Millôr
Fernandes, um dos principais nomes do humor e da crítica política brasileira,
ficou conhecido por expor, com ironia, as contradições do poder. Com essa
afirmação: “Isso sim é um Congresso eficiente! Ele mesmo rouba, ele mesmo
investiga, ele mesmo absolve”, expõe, com sarcasmo, as contradições presentes
nas estruturas do poder... Quem fiscaliza também pode precisar ser fiscalizado?
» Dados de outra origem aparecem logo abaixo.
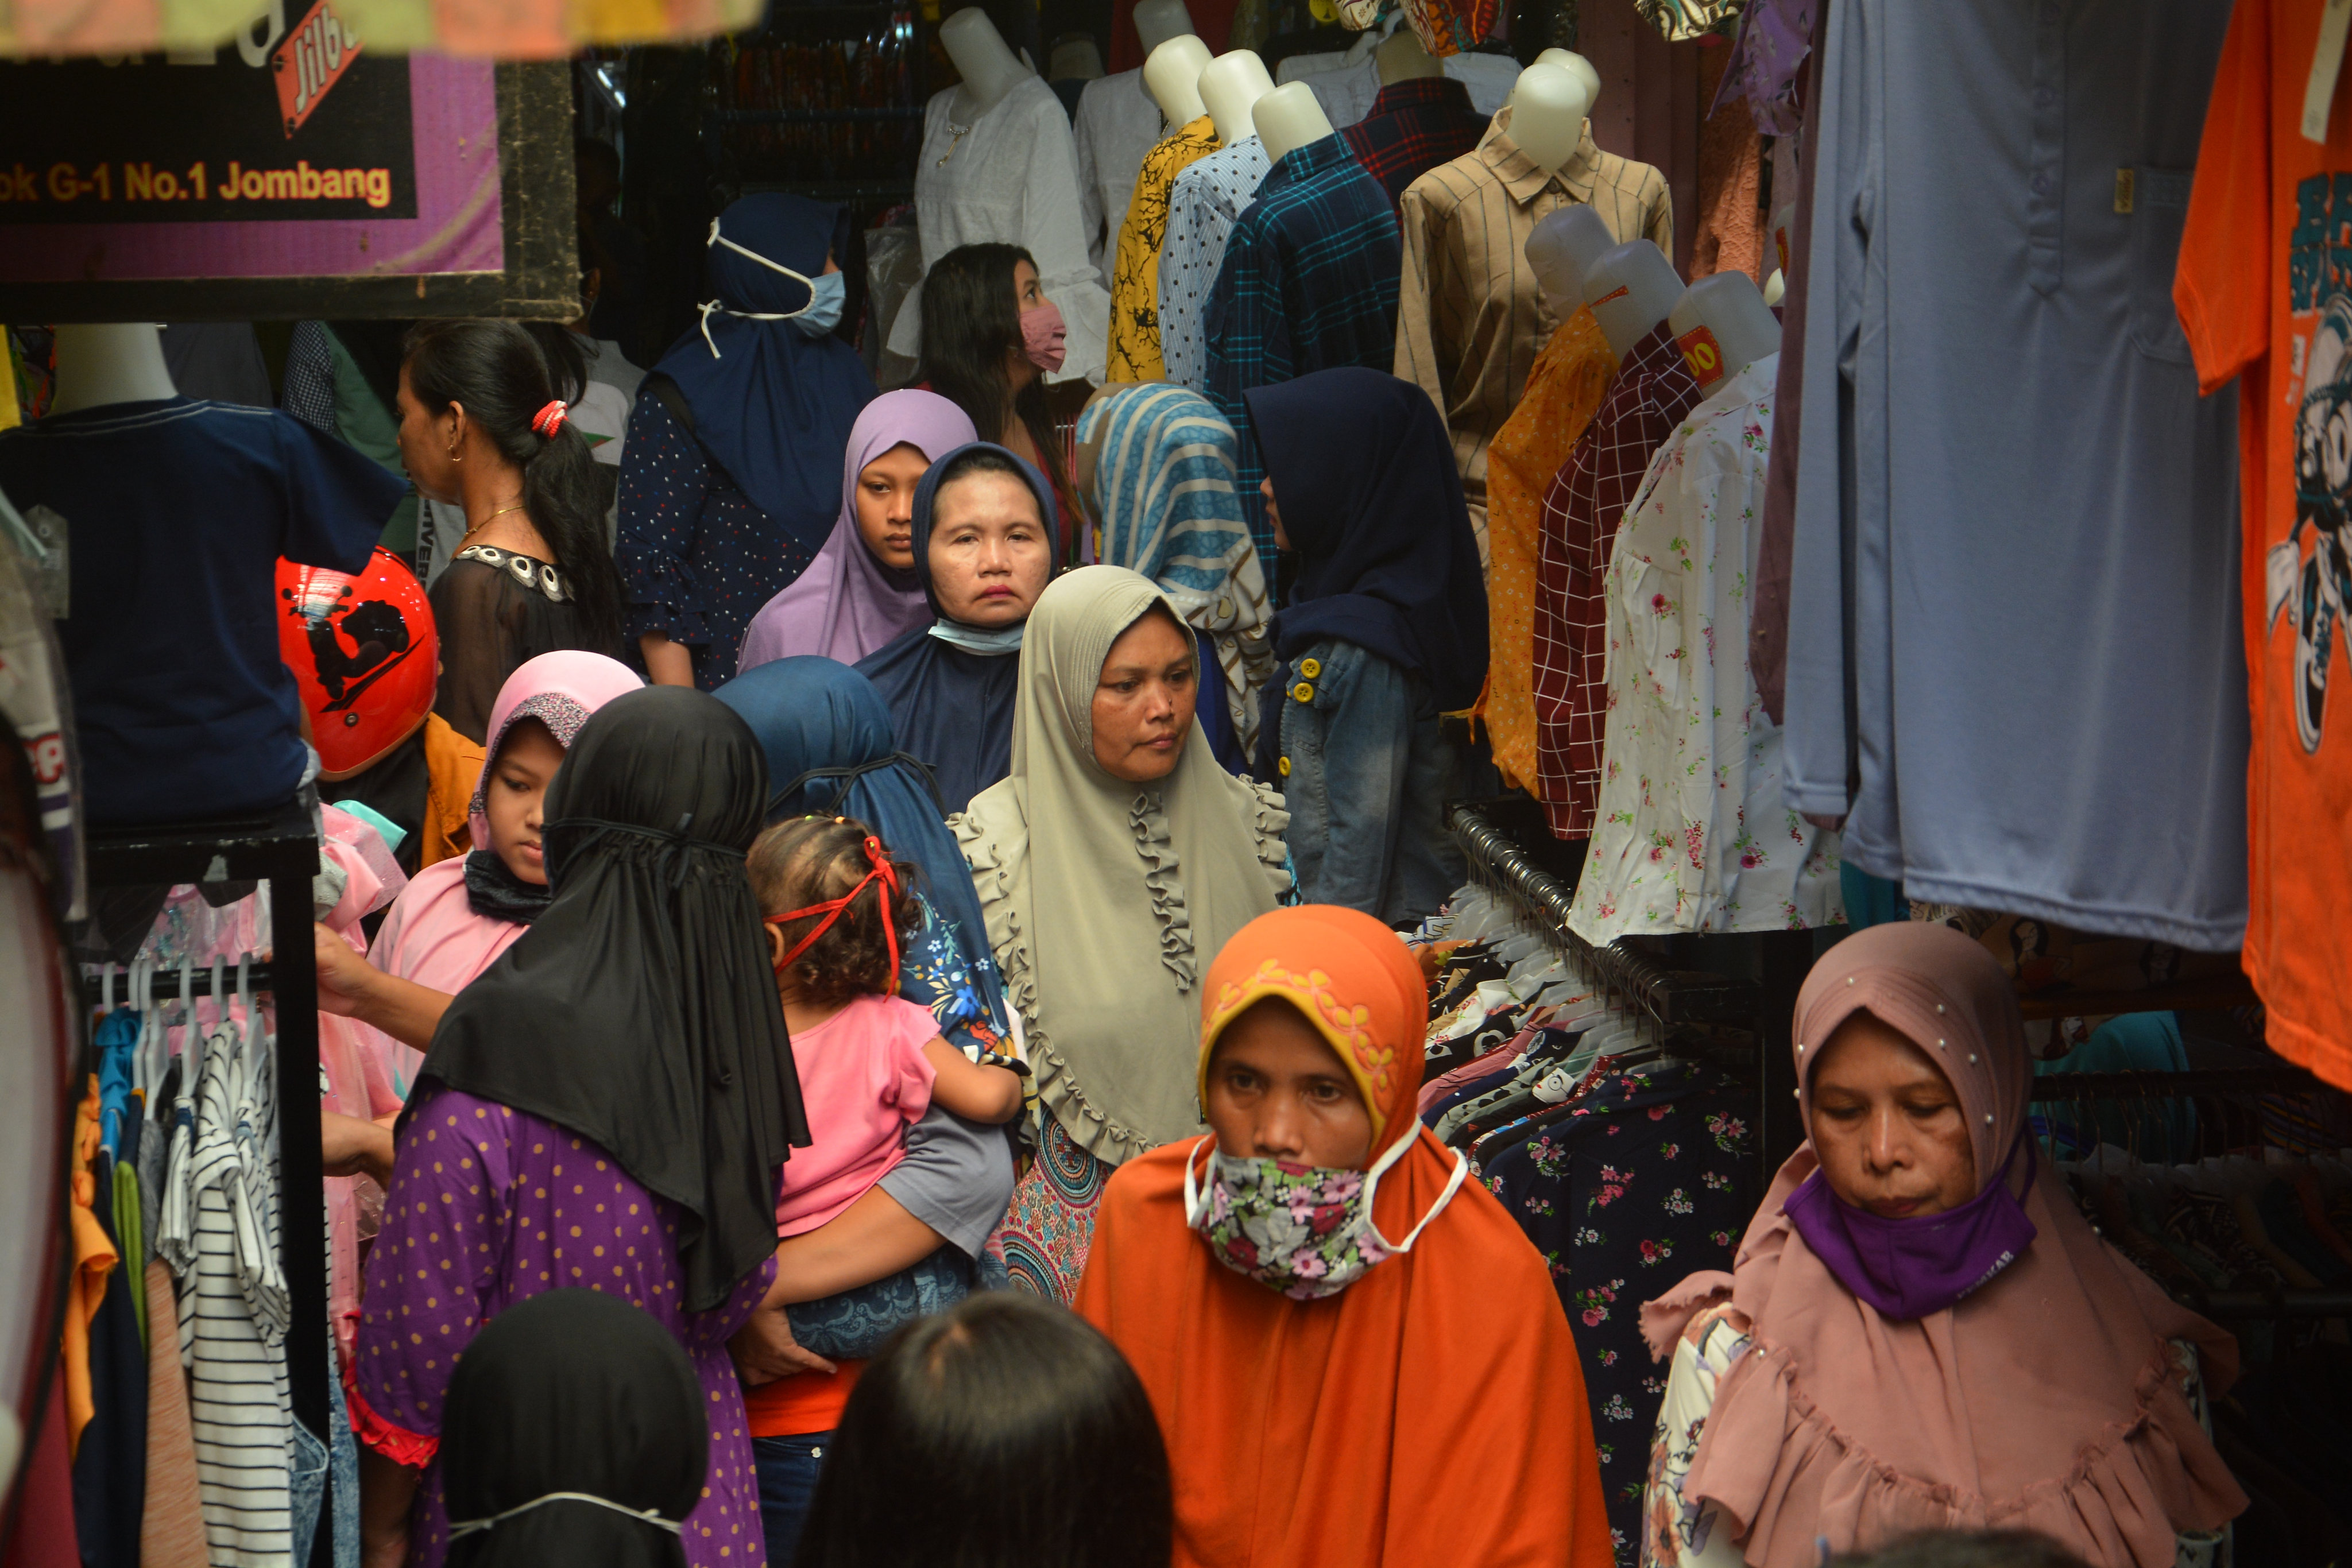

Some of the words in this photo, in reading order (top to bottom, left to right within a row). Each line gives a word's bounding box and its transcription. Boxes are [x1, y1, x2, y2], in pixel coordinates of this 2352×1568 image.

[47, 162, 112, 201] G-1
[124, 161, 207, 201] No.1
[219, 160, 391, 208] Jombang
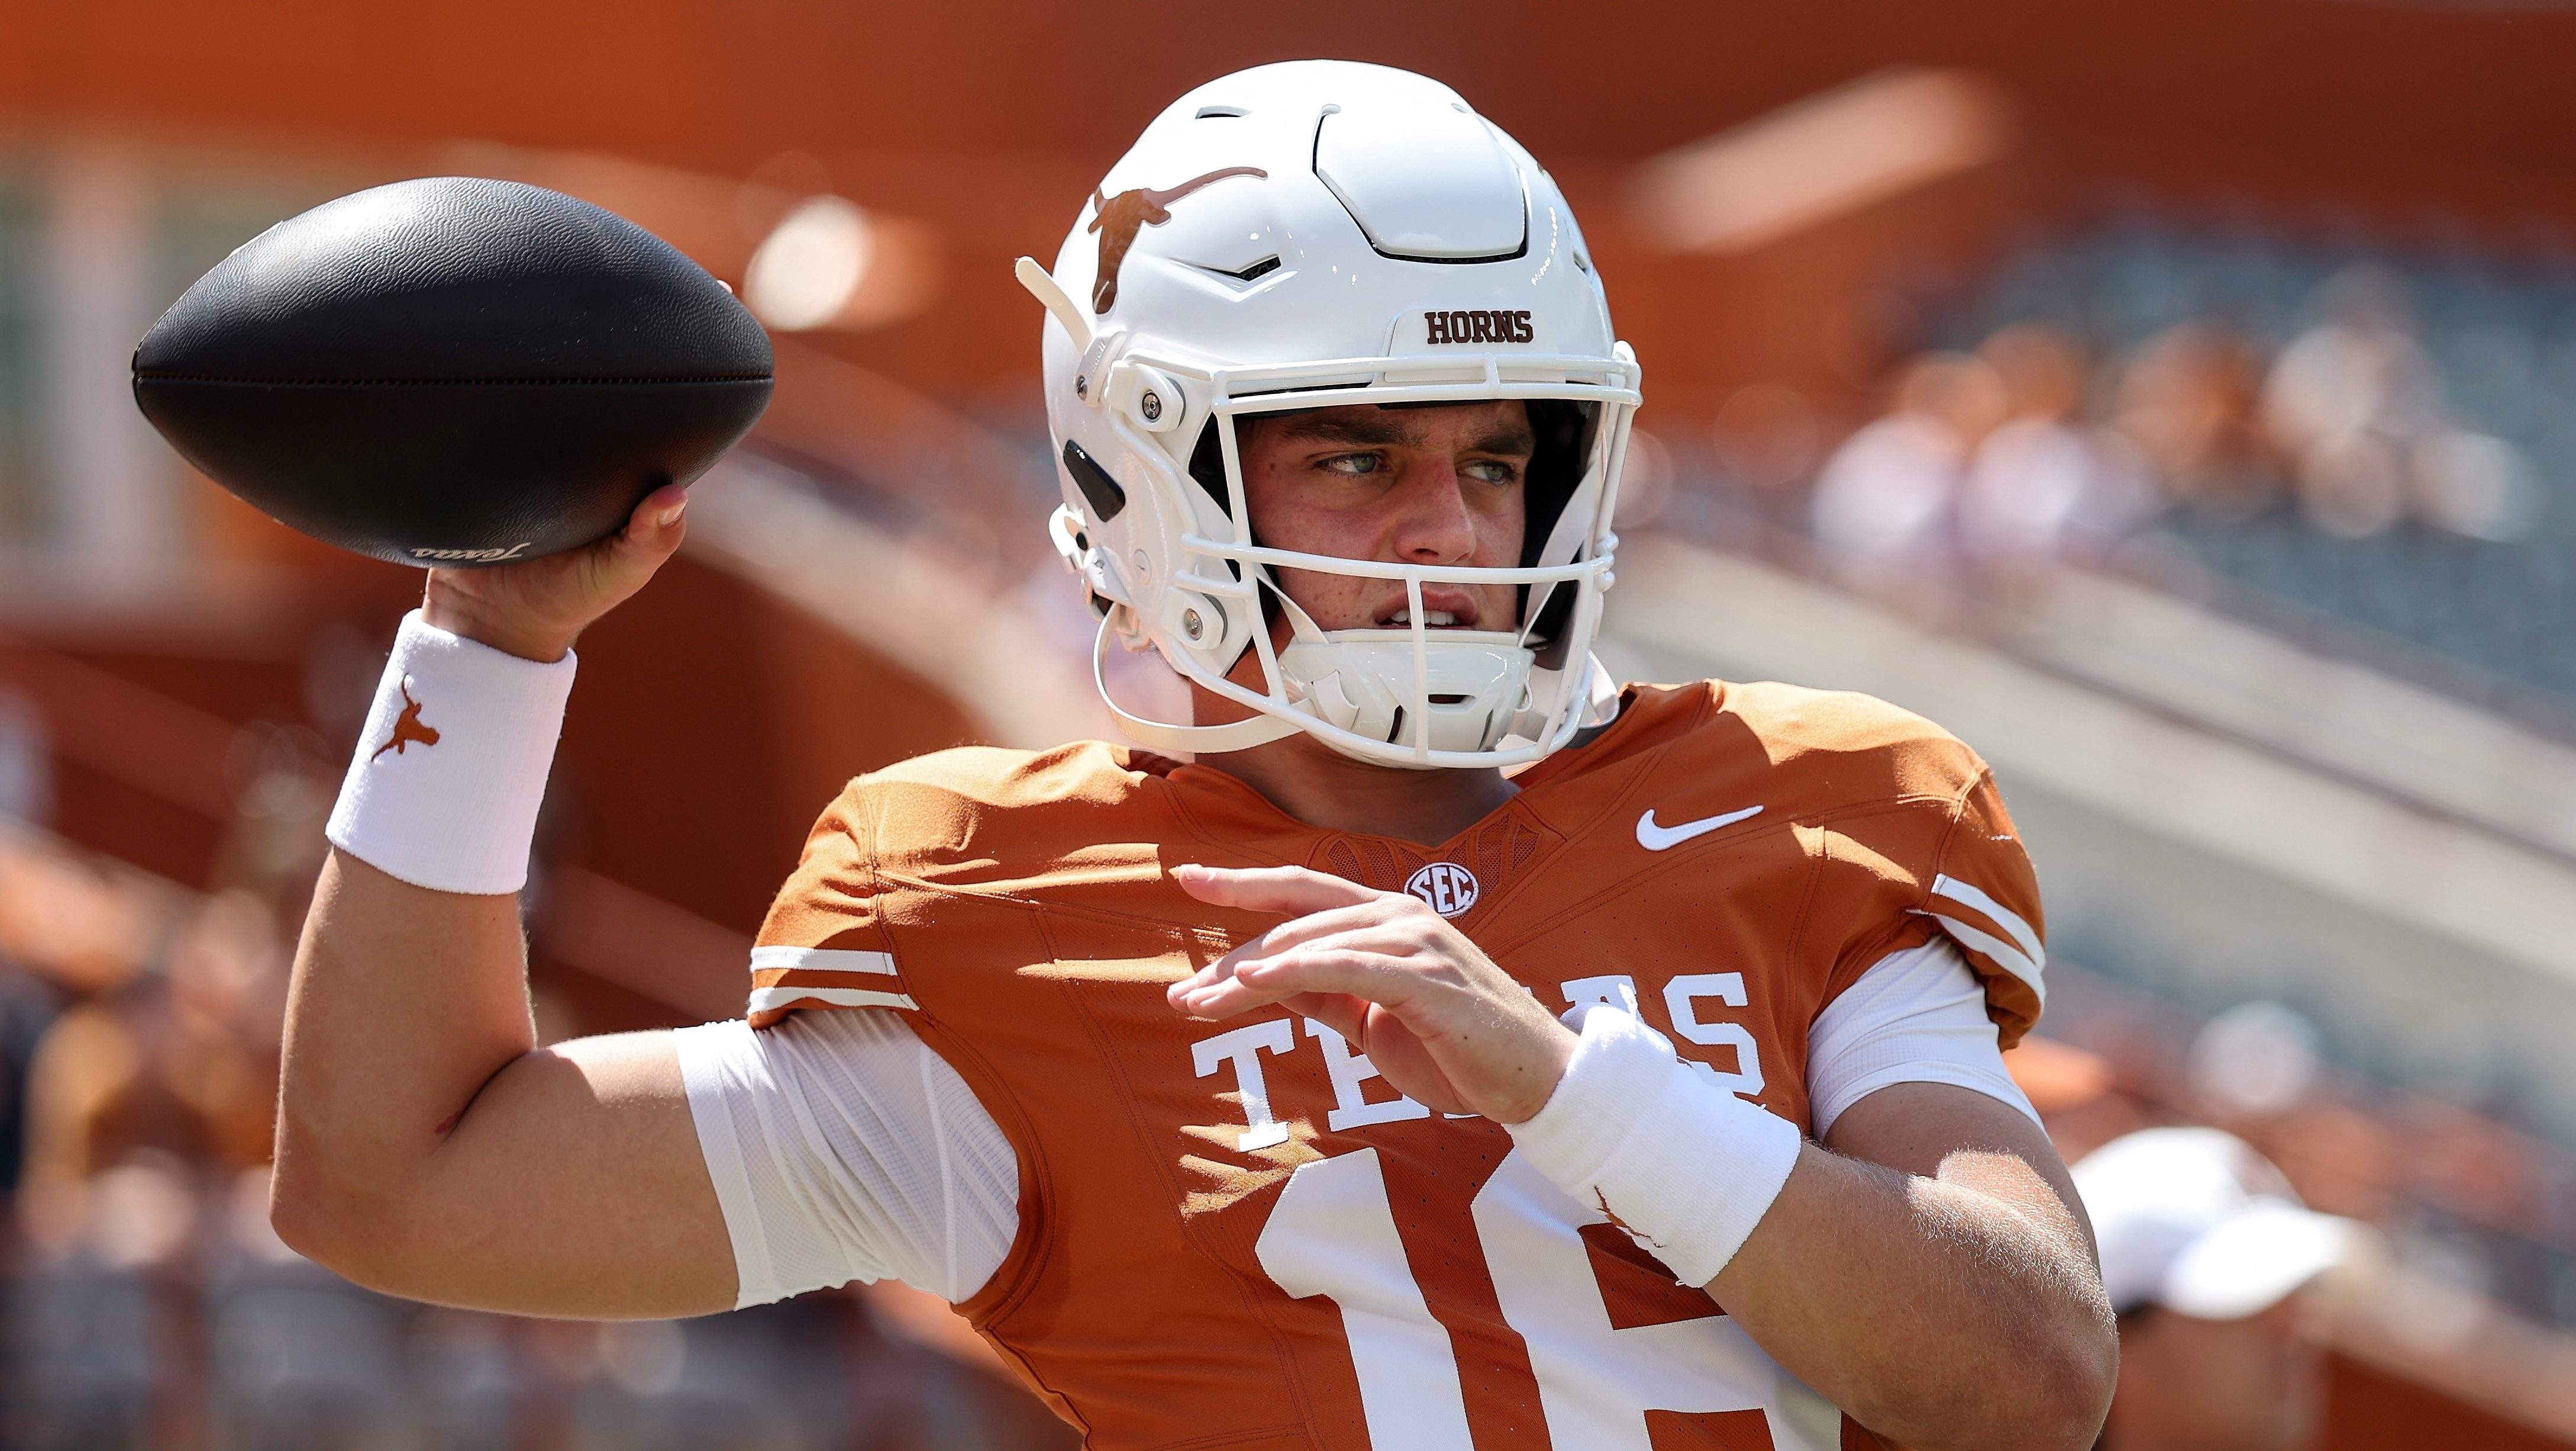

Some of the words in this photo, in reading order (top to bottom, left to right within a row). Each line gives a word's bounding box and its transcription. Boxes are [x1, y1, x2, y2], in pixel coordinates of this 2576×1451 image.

[1424, 311, 1534, 344] HORNS
[1411, 866, 1472, 912] SEC
[1191, 972, 1765, 1152] TES
No atual cenário político brasileiro, a frase permanece atual diante
das denúncias, investigações, disputas partidárias e conflitos institucionais
que atravessam o ambiente político nacional. Millôr não fazia da crítica
política uma questão de alinhamento partidário. Seu foco estava nas
contradições do poder e nos interesses particulares que, muitas vezes, se
sobrepõem ao interesse público. A ironia permanece atual quando o próprio
sistema investiga e julga seus integrantes. A pergunta, então, é inevitável:
quem fiscaliza os fiscais? Millôr fazia humor com a política. O problema começa
quando a realidade supera a piada, a ironia vira notícia e o absurdo ganha
mandato.
Texto
publicado no Blog dos Letrados Desalienados
(https://blogdosletradosdesalienados.blogspot.com/2026/08/fiscaliza-quem.html), em comemoração aos 10 anos de
resistência crítica e literária do espaço criado pelo jornalista Sérgio Murilo
Rodrigues Lopes, dedicado à palavra como forma de consciência, sensibilidade e
liberdade.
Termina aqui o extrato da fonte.